__SUPPLIED RECORDS__.
┏━━

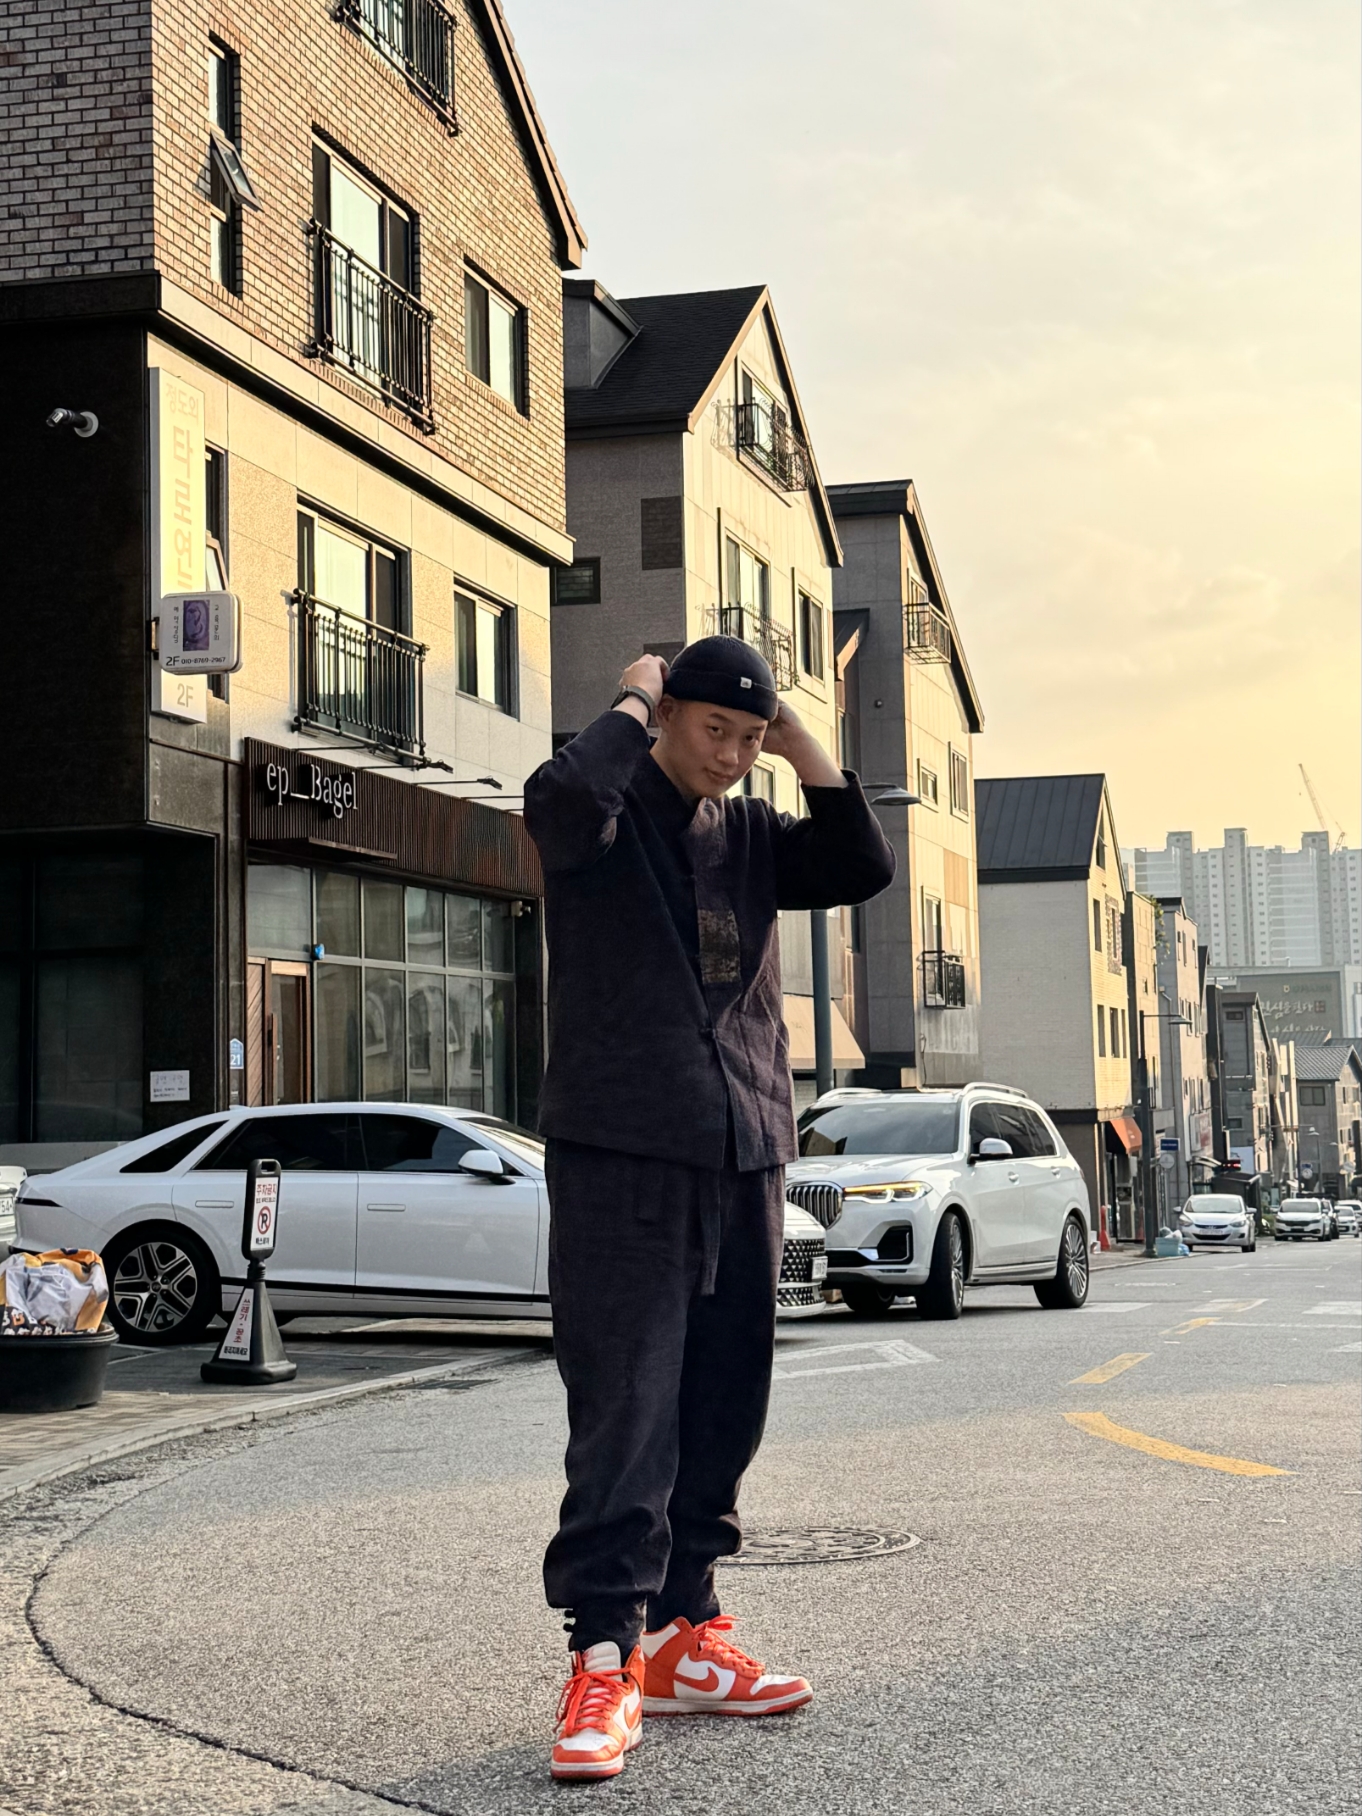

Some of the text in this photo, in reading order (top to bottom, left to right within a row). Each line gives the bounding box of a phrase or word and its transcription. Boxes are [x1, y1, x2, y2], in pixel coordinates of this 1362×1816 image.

[173, 425, 193, 591] 타로연
[166, 656, 180, 667] 2F
[177, 683, 194, 708] 2F
[266, 763, 358, 819] ep_Bagel
[230, 1054, 241, 1066] 21
[256, 1184, 277, 1197] 주차금지
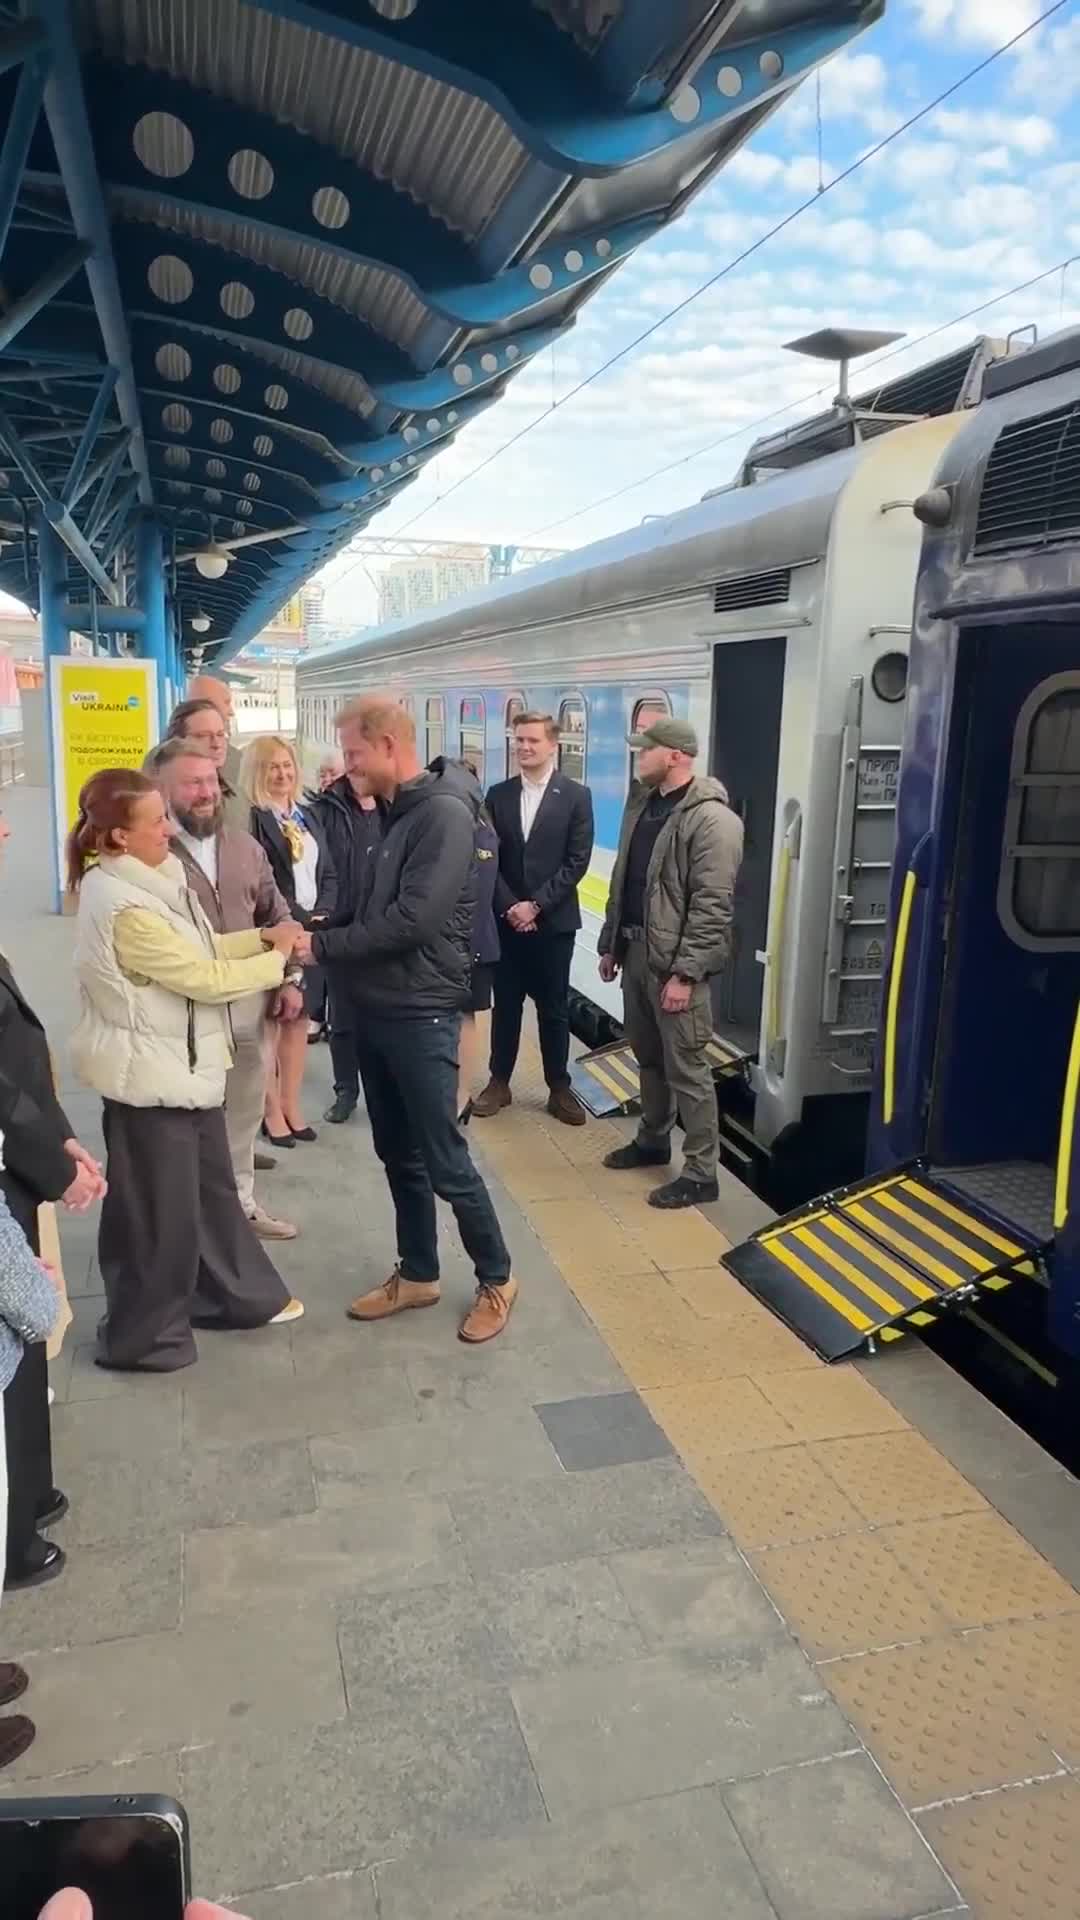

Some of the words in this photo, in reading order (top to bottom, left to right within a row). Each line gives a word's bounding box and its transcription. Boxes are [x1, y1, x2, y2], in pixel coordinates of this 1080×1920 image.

[72, 693, 96, 702] Visit
[81, 703, 129, 712] UKRAINE
[70, 746, 144, 755] ПОДОРОЖУВАТИ
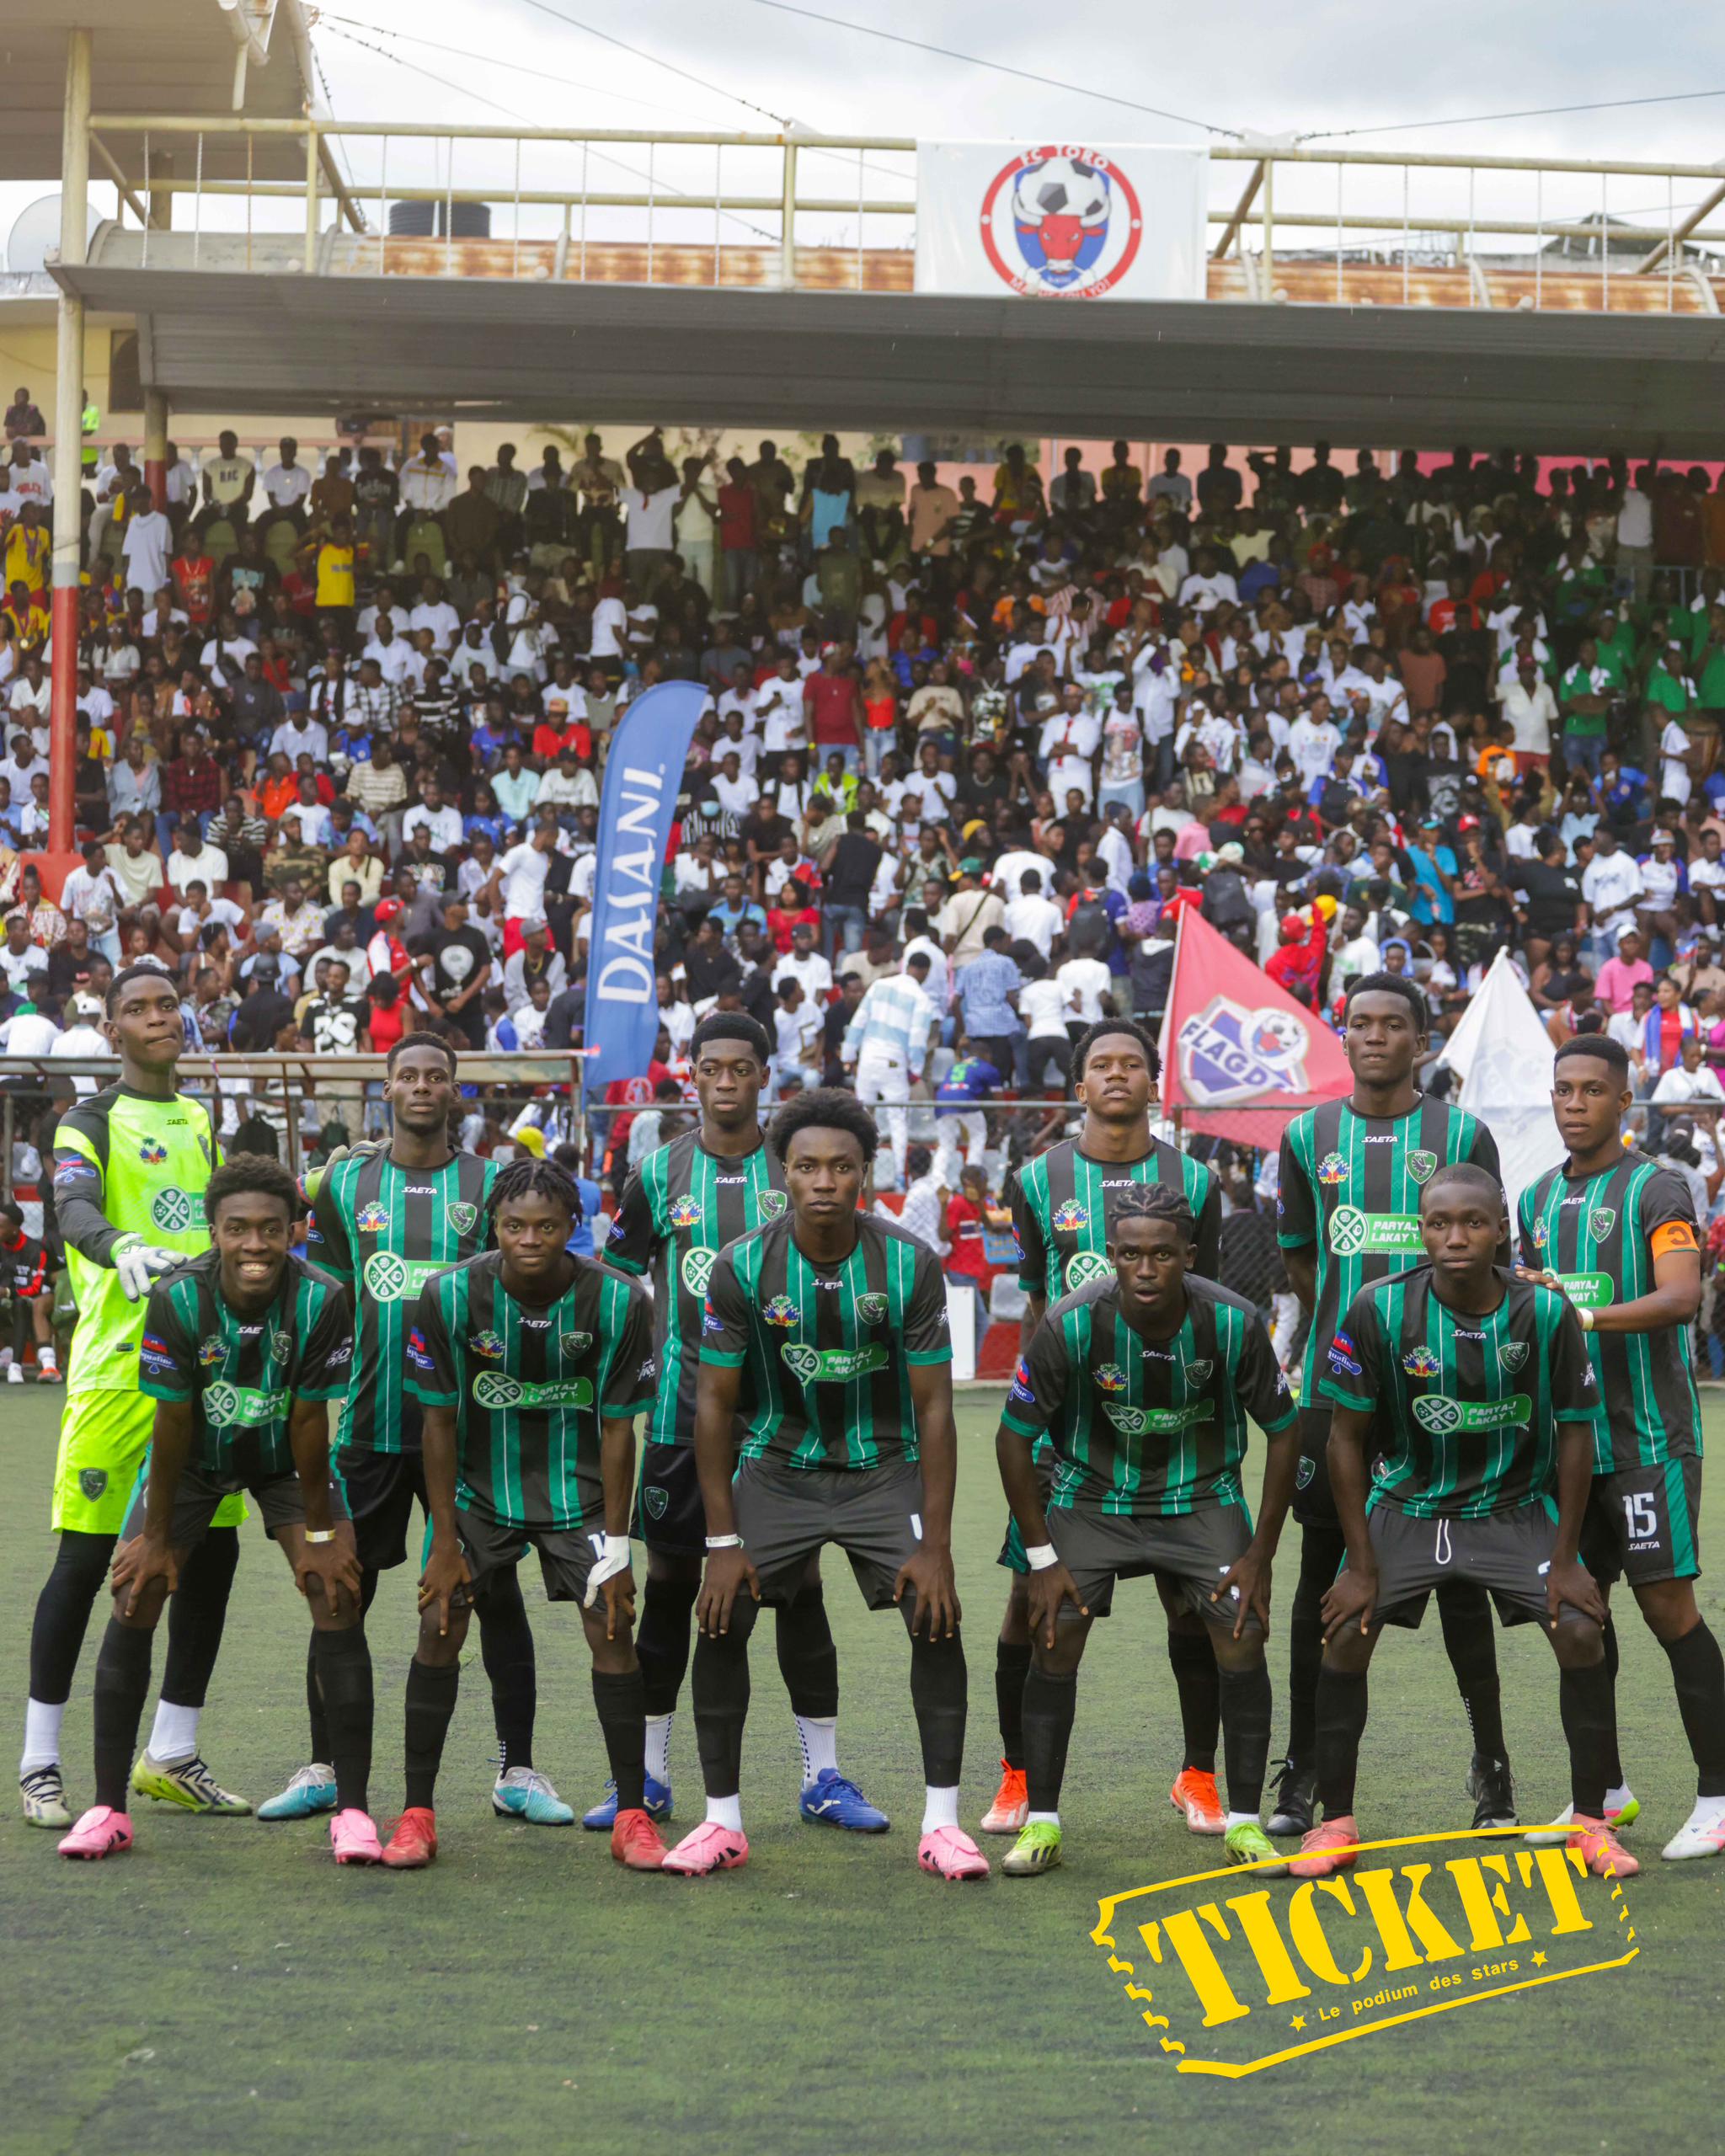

┗━━

Exclude all images and retype the data precisely.

Some of the text in this photo, in reading order (top to bottom, left to right within a row). Each line gives the bounding box of a phrase or word and its transcription. Boxes are [x1, y1, x2, y2], in pixel coordinates of this 1362×1816 image.

[173, 425, 193, 591] 타로연
[166, 656, 180, 667] 2F
[177, 683, 194, 708] 2F
[266, 763, 358, 819] ep_Bagel
[230, 1054, 241, 1066] 21
[256, 1184, 277, 1197] 주차금지

Some of the words in this photo, in reading order (top to bottom, left to right within a row). Each line gives a word's bounding box and its transcription. Boxes are [x1, y1, x2, y2], in pixel coordinates of this 1080×1920 image.

[72, 693, 96, 702] Visit
[81, 703, 129, 712] UKRAINE
[70, 746, 144, 755] ПОДОРОЖУВАТИ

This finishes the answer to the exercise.